• _Task directions_
Copy out the entries exactly, and wherever a picture appears, leave it out.

Data: Begin

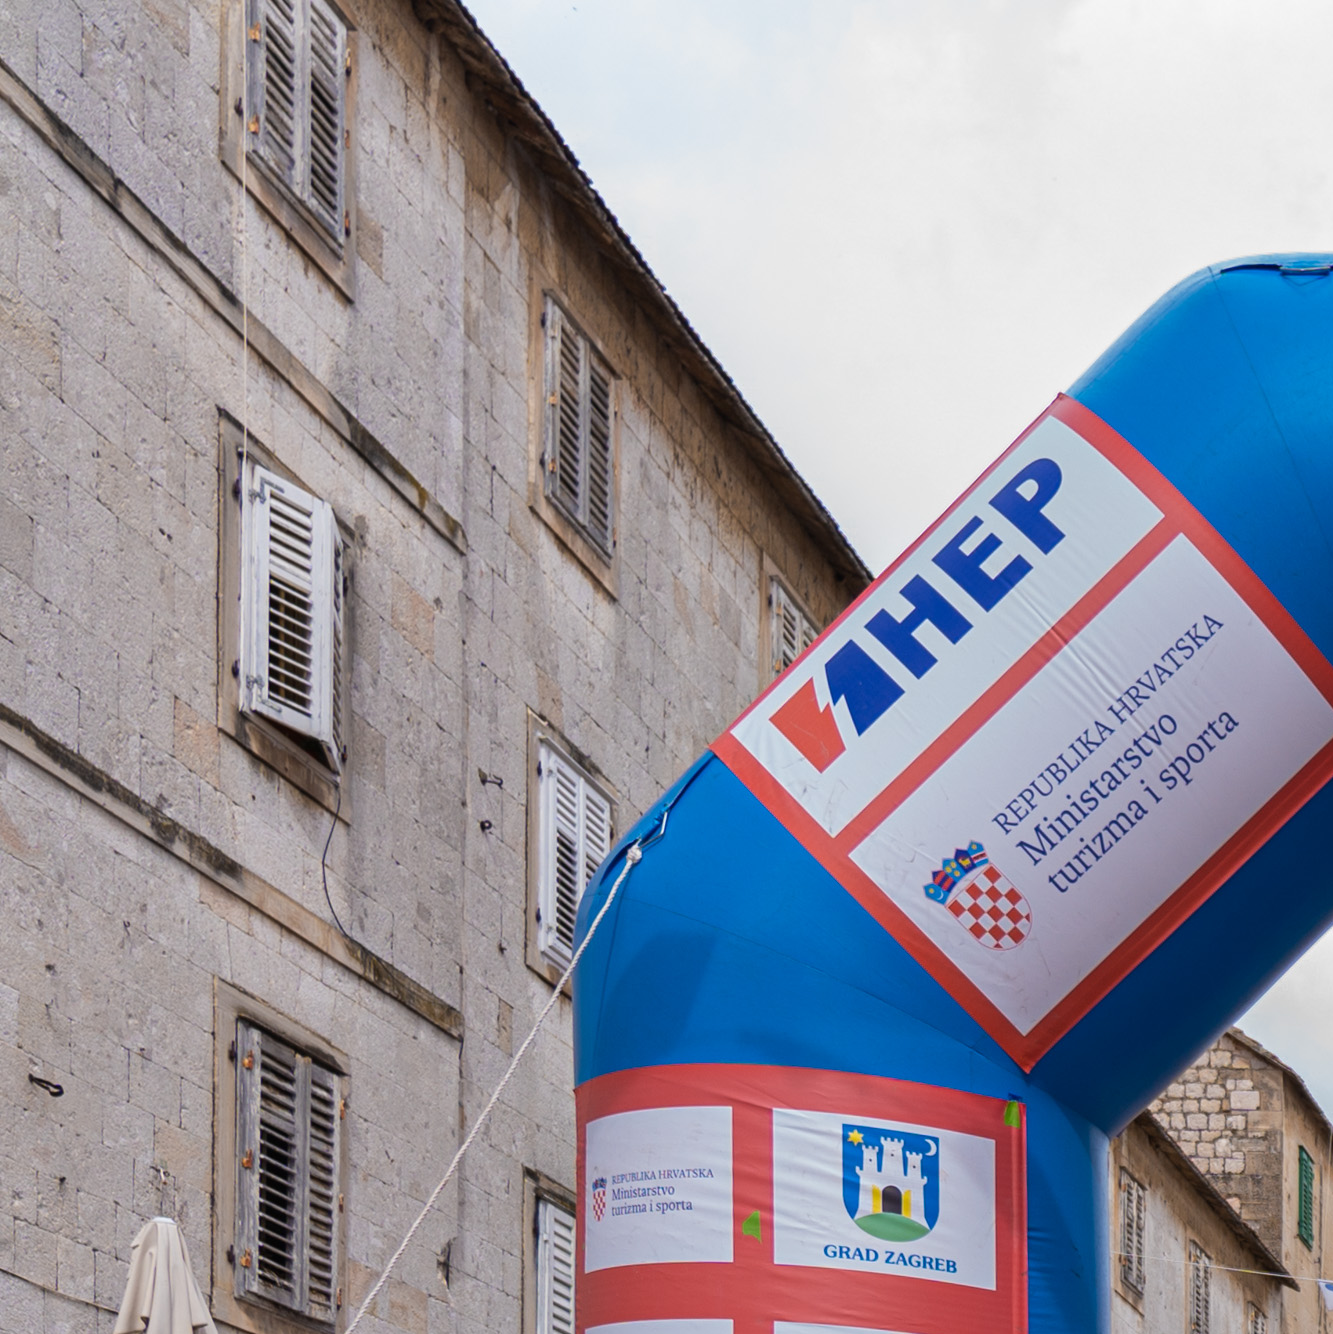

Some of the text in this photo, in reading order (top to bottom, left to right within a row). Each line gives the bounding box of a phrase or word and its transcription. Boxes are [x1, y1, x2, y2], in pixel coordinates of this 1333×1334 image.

[864, 457, 1066, 681] HEP
[991, 614, 1225, 835] REPUBLIKA HRVATSKA
[1015, 713, 1178, 867] Ministarstvo
[1048, 711, 1240, 893] turizma i sporta
[612, 1168, 714, 1185] REPUBLIKA HRVATSKA
[612, 1186, 675, 1201] Ministarstvo
[612, 1202, 647, 1216] turizma
[656, 1200, 693, 1214] sporta
[823, 1244, 958, 1274] GRAD ZAGREB
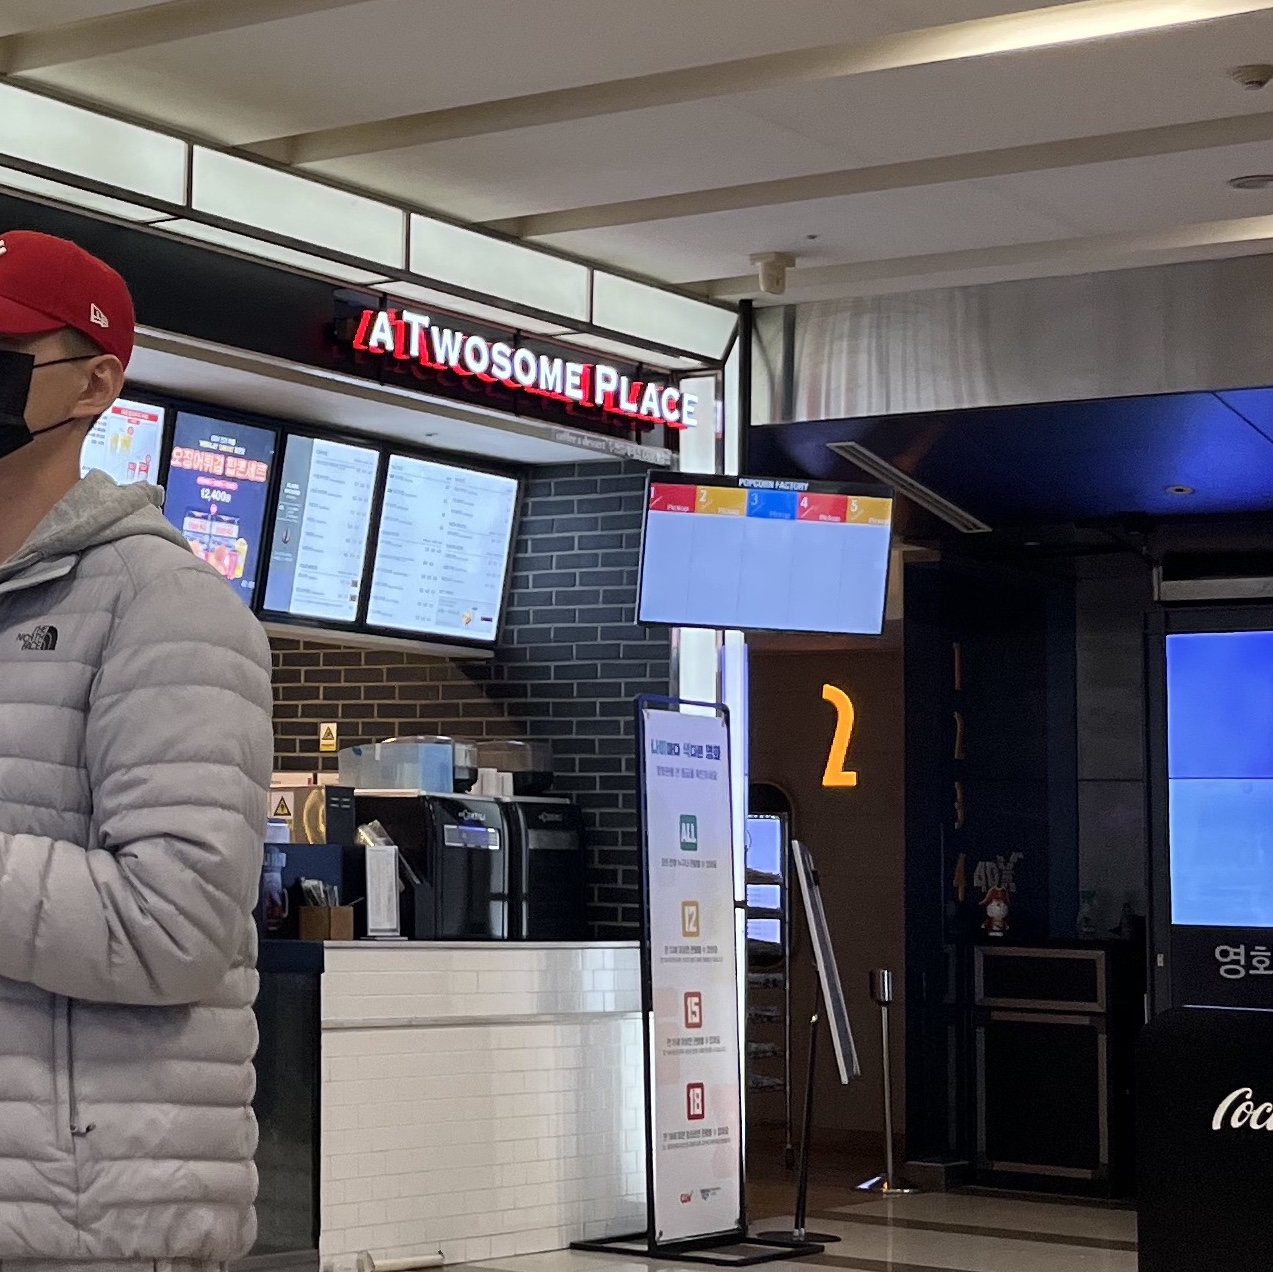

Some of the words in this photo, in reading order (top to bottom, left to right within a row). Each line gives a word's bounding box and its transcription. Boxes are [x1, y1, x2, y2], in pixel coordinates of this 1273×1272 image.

[368, 310, 396, 353] A
[402, 309, 585, 401] TWOSOME
[595, 363, 700, 428] PLACE
[738, 478, 775, 489] POPCORN
[775, 481, 809, 491] FACTORY
[822, 683, 858, 787] 2
[686, 994, 700, 1024] 15
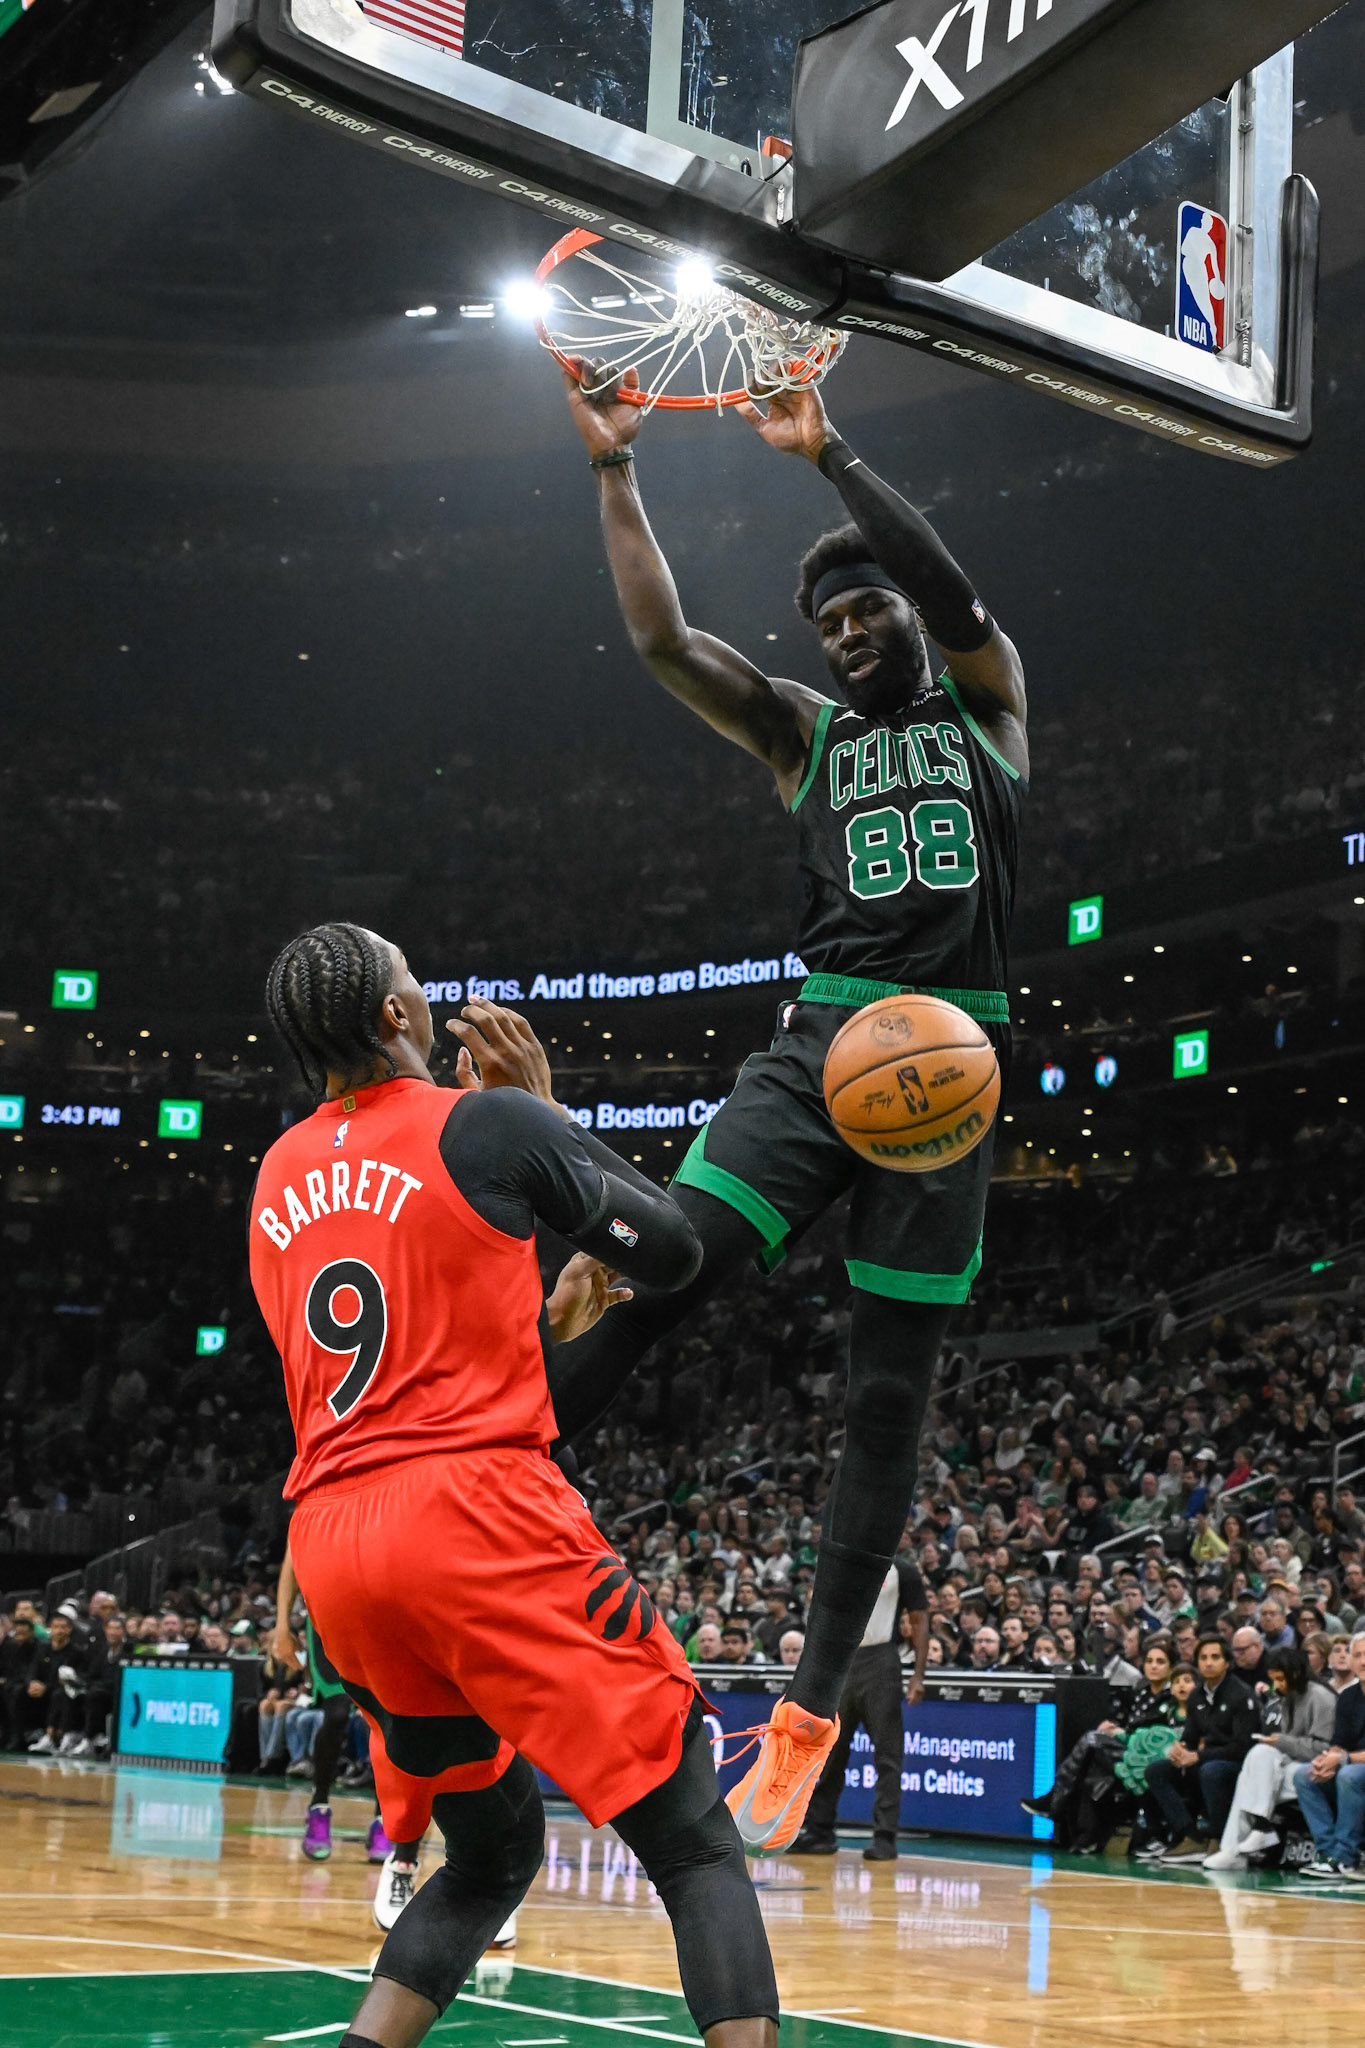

Data: End

• _Written reply_
Some of the text in this photo, in reading order (top to bottom, left to right within a row). Each line gives the bounding box of a phrase or word and its transcription. Boxes are [x1, y1, x2, y2], in pixel coordinates of this 1333×1334 image.

[864, 457, 1066, 681] HEP
[991, 614, 1225, 835] REPUBLIKA HRVATSKA
[1015, 713, 1178, 867] Ministarstvo
[1048, 711, 1240, 893] turizma i sporta
[612, 1168, 714, 1185] REPUBLIKA HRVATSKA
[612, 1186, 675, 1201] Ministarstvo
[612, 1202, 647, 1216] turizma
[656, 1200, 693, 1214] sporta
[823, 1244, 958, 1274] GRAD ZAGREB

Some of the words in this photo, in reading order (top to bottom, left to right within a row). Each line gives a word's bounding box and its transcription. Boxes are [x1, y1, x2, y2], in pixel coordinates of this 1273×1272 image.

[368, 310, 396, 353] A
[402, 309, 585, 401] TWOSOME
[595, 363, 700, 428] PLACE
[738, 478, 775, 489] POPCORN
[775, 481, 809, 491] FACTORY
[822, 683, 858, 787] 2
[686, 994, 700, 1024] 15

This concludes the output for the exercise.